Even more serious is Mr. Oberg's misconception that "ufologists
reject the concept of `falsifiability' of scientific theories."
Ordinarily, of course, theories them- selves are not considered
falsifiable but rather hypotheses derived from them.
Nonetheless, if it were true that ufologists were unconcerned
about the falsifiability of hypotheses, Mr. Oberg's assertion
that ufology cannot be even considered a proto-science might
have some merit.

To demonstrate the falsity of his contention one has only to
open the _UFO Handbook_ (1979) written by Allan Hendry of the
Center for UFO Studies. Here one finds careful critical
examinations of data, hypotheses tested -- sometimes verified
and sometimes proven wrong -- and theories scrutinized. Can it
be that Mr. Oberg knows so little about ufology that he has
never heard of such eminently falsifiable hypotheses as
"orthoteny," the "Wednesday phenomenon," the "law of the times"
or the "inverse population density" hypothesis?
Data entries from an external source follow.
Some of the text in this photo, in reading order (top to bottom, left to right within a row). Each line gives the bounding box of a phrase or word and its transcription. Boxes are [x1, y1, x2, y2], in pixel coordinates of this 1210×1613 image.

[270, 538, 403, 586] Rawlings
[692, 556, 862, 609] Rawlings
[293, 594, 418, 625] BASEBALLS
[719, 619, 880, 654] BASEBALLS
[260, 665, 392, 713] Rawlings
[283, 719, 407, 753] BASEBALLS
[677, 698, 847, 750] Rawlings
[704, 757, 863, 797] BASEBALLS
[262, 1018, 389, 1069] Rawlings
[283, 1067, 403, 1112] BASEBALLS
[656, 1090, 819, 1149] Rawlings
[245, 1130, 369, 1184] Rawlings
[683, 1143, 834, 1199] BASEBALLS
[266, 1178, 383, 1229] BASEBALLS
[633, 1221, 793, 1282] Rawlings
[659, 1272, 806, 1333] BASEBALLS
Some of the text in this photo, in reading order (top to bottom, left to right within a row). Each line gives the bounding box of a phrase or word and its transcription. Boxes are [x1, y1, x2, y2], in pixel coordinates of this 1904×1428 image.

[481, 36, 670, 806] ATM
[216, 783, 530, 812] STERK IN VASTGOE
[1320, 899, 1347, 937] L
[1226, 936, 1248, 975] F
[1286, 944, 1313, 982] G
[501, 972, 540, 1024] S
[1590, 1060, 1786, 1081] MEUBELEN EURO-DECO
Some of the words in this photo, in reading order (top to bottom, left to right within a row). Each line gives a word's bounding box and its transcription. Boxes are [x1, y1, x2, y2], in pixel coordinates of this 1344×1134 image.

All of these had been examined (and in some cases rejected) in
the light of data of which Mr. Oberg appears unaware. That this
process is not yet institutionalized in refereed journals is
symptomatic not of ufology's unscientific aims, but rather its
nascent state.

What Can Be Learned from Ufology?

The most obvious answer to this question is that ufology may
reveal the existence of new natural phenomena. A great many
sightings investigated by ufologists appear to be natural
phenomena similar to the controversial "ball lightning." Since
the existence of this latter is still questioned by some
persons, it is evident that much remains to be discovered about
the properties of these plasmalike manifestations. Our main
evidence for them, however, is human testimony. Their transitory
and frightening nature usually allows them to escape the camera.
Even Philip Klass, the most prominent critic of ufology, feels
these phenomena should be more carefully studied, as he
recommends in his book UFOs -- Identified (1968).

The more exotic motive for studying UFO sightings is the
possible detection of artifacts of non-human intelligence. Even
after the "plasma" UFOs are eliminated from the "unexplained"
category, there still remains a residue of cases which include
features strongly suggestive of non-human intelligent origin.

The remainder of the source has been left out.